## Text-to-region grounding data
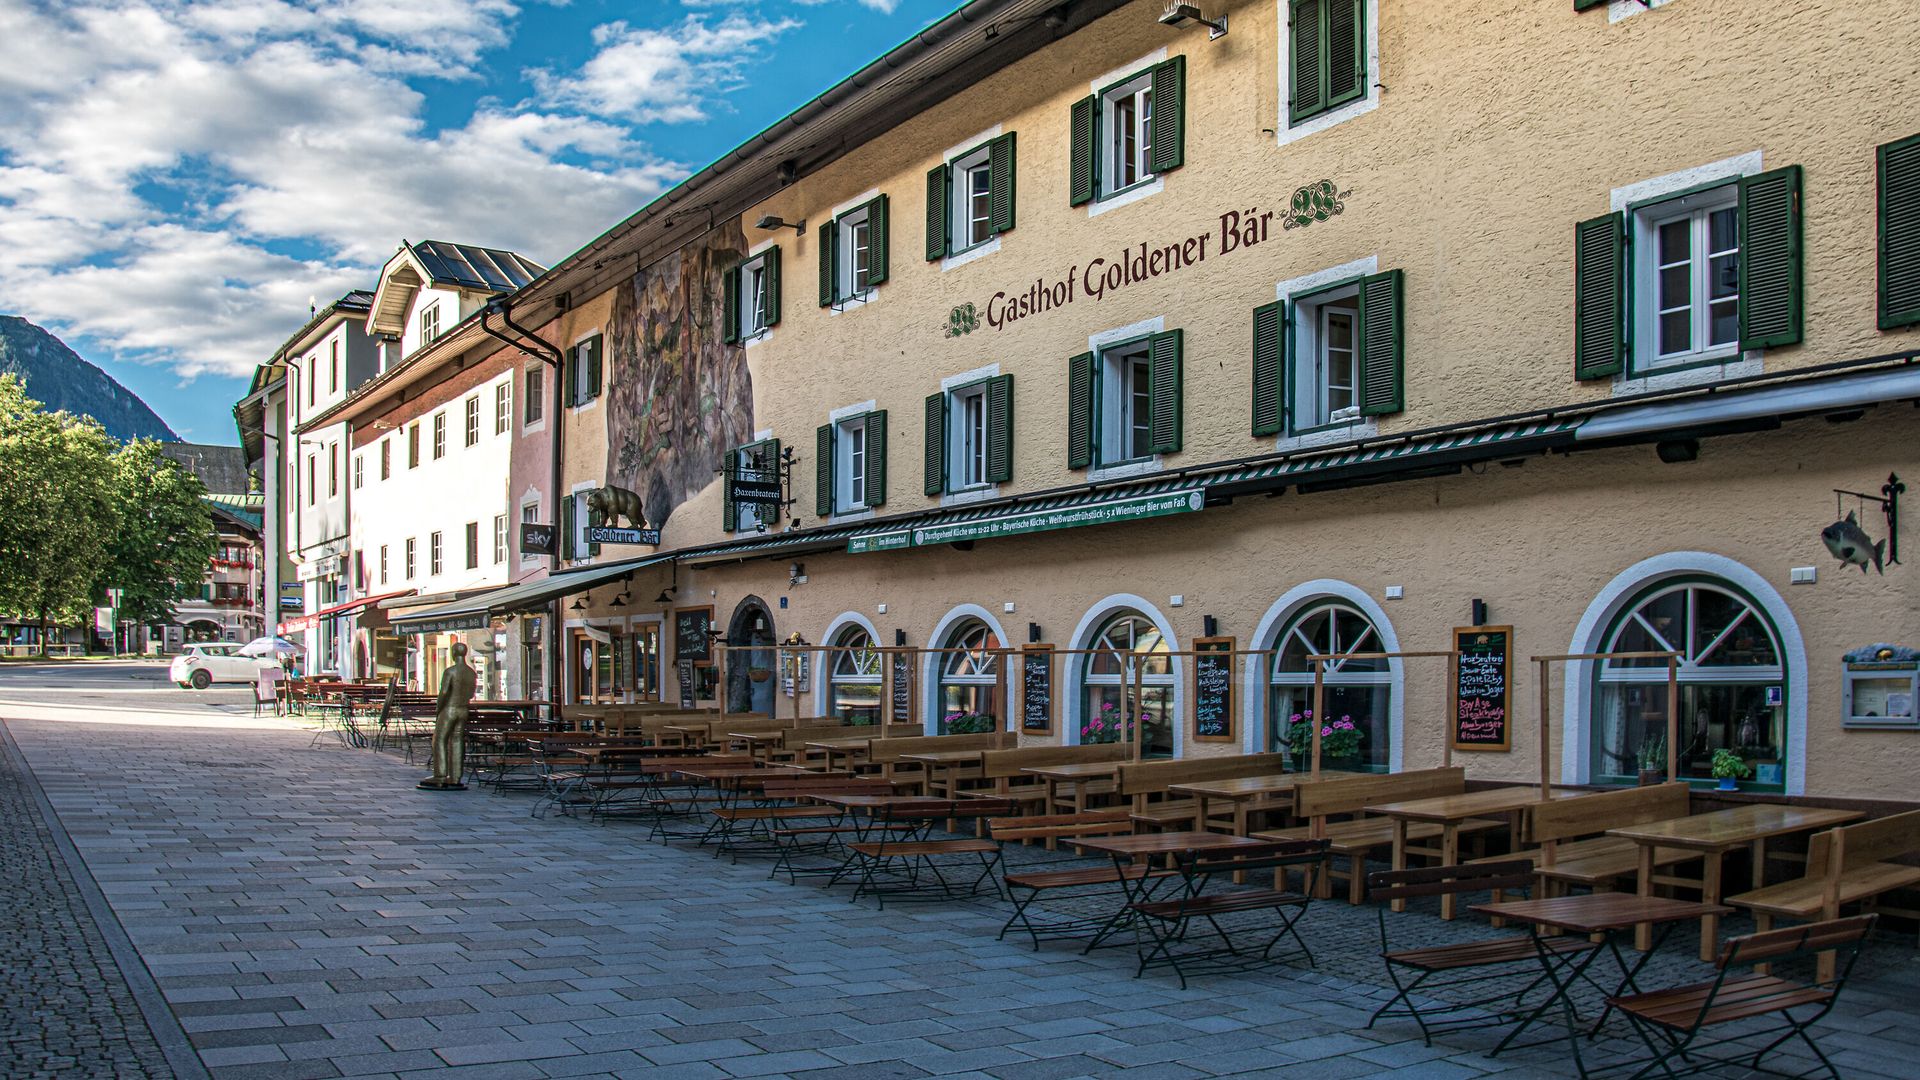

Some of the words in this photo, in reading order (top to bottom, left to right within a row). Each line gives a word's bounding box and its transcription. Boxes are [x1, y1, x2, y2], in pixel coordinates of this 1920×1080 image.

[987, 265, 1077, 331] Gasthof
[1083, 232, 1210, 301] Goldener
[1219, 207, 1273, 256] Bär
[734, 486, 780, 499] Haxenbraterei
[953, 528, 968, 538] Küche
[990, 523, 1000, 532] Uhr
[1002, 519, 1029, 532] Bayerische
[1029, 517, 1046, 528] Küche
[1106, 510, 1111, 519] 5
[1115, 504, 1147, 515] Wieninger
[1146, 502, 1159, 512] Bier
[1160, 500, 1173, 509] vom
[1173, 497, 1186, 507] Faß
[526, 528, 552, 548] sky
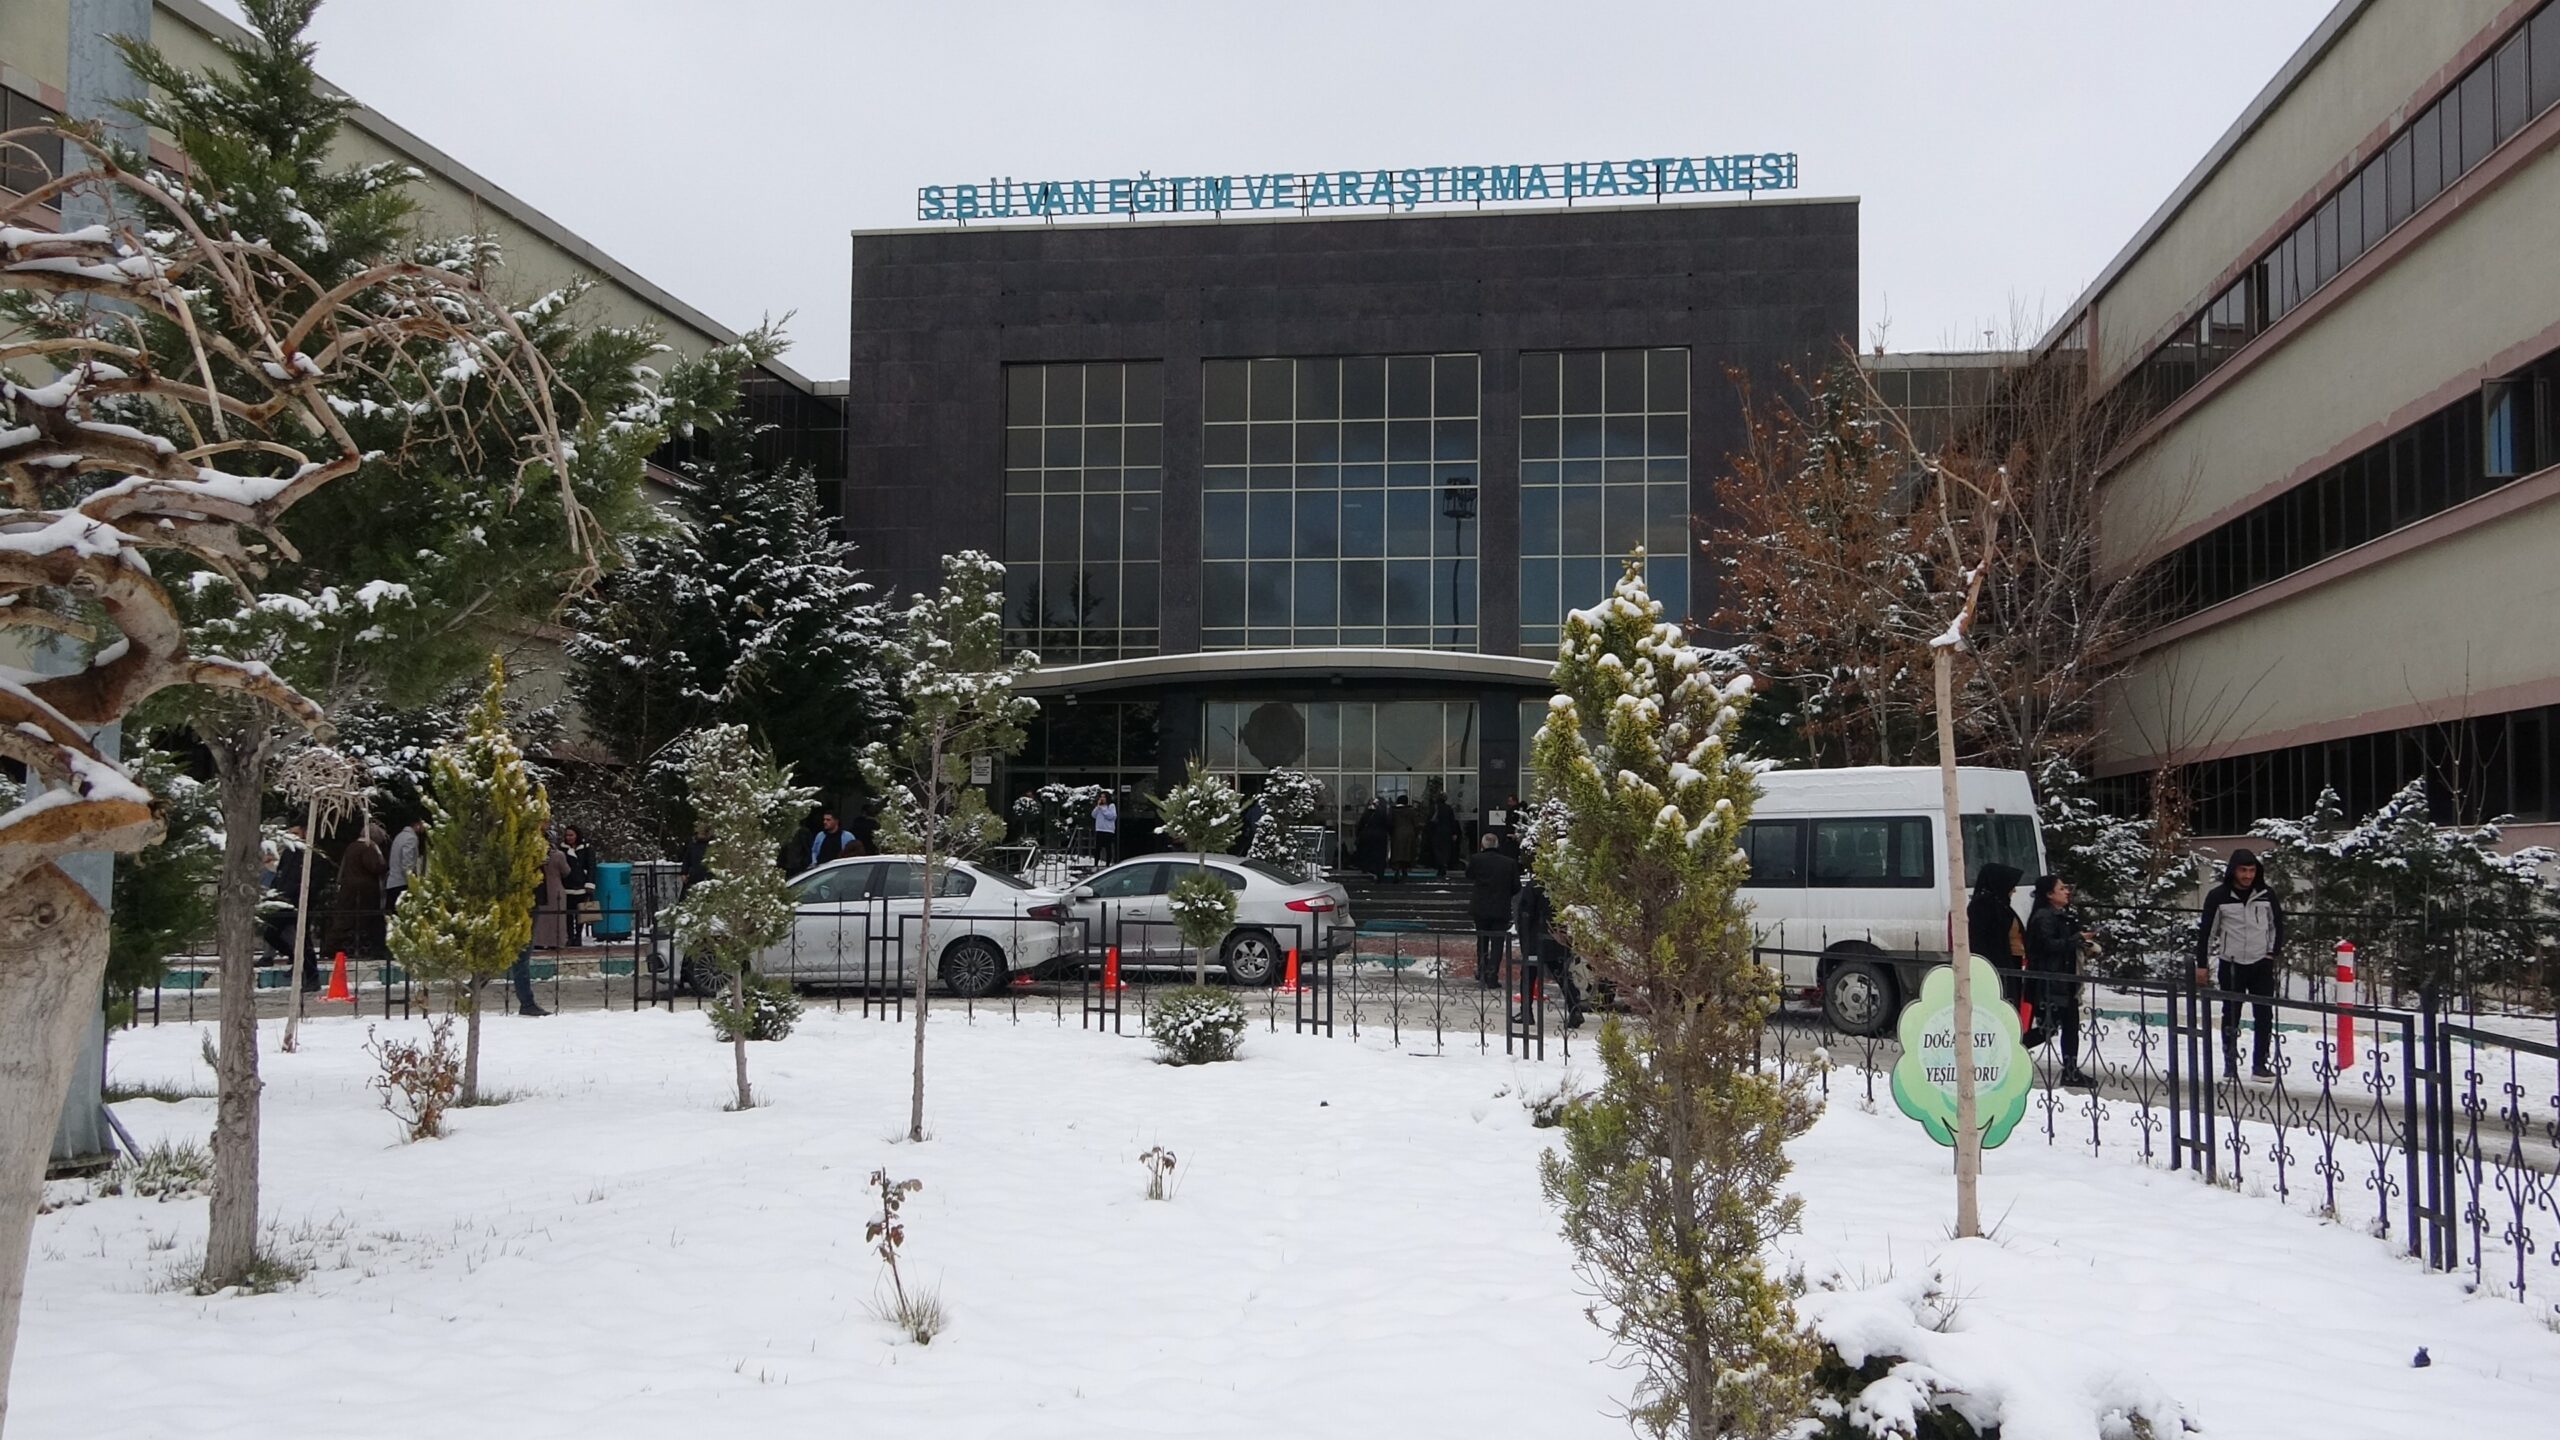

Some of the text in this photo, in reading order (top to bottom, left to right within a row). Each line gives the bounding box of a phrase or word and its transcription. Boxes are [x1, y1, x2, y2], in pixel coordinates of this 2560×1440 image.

## What you have to do
Although the records contain pictures, only their text should be repeated, exactly as it appears.

## Finished task
Some of the words in this photo, in reading order (top to bottom, left to right within a row). Each line gives a word's bounding box and its transcription. Boxes are [x1, y1, x2, y2], in pixel coordinates of this 1920×1080 image.

[987, 265, 1077, 331] Gasthof
[1083, 232, 1210, 301] Goldener
[1219, 207, 1273, 256] Bär
[734, 486, 780, 499] Haxenbraterei
[953, 528, 968, 538] Küche
[990, 523, 1000, 532] Uhr
[1002, 519, 1029, 532] Bayerische
[1029, 517, 1046, 528] Küche
[1106, 510, 1111, 519] 5
[1115, 504, 1147, 515] Wieninger
[1146, 502, 1159, 512] Bier
[1160, 500, 1173, 509] vom
[1173, 497, 1186, 507] Faß
[526, 528, 552, 548] sky

Some of the text in this photo, in reading order (top to bottom, left to right within a row). Each line gives the bounding box of a phrase or word and its transcription. Boxes are [x1, y1, x2, y2], in pixel coordinates of this 2560×1440 image.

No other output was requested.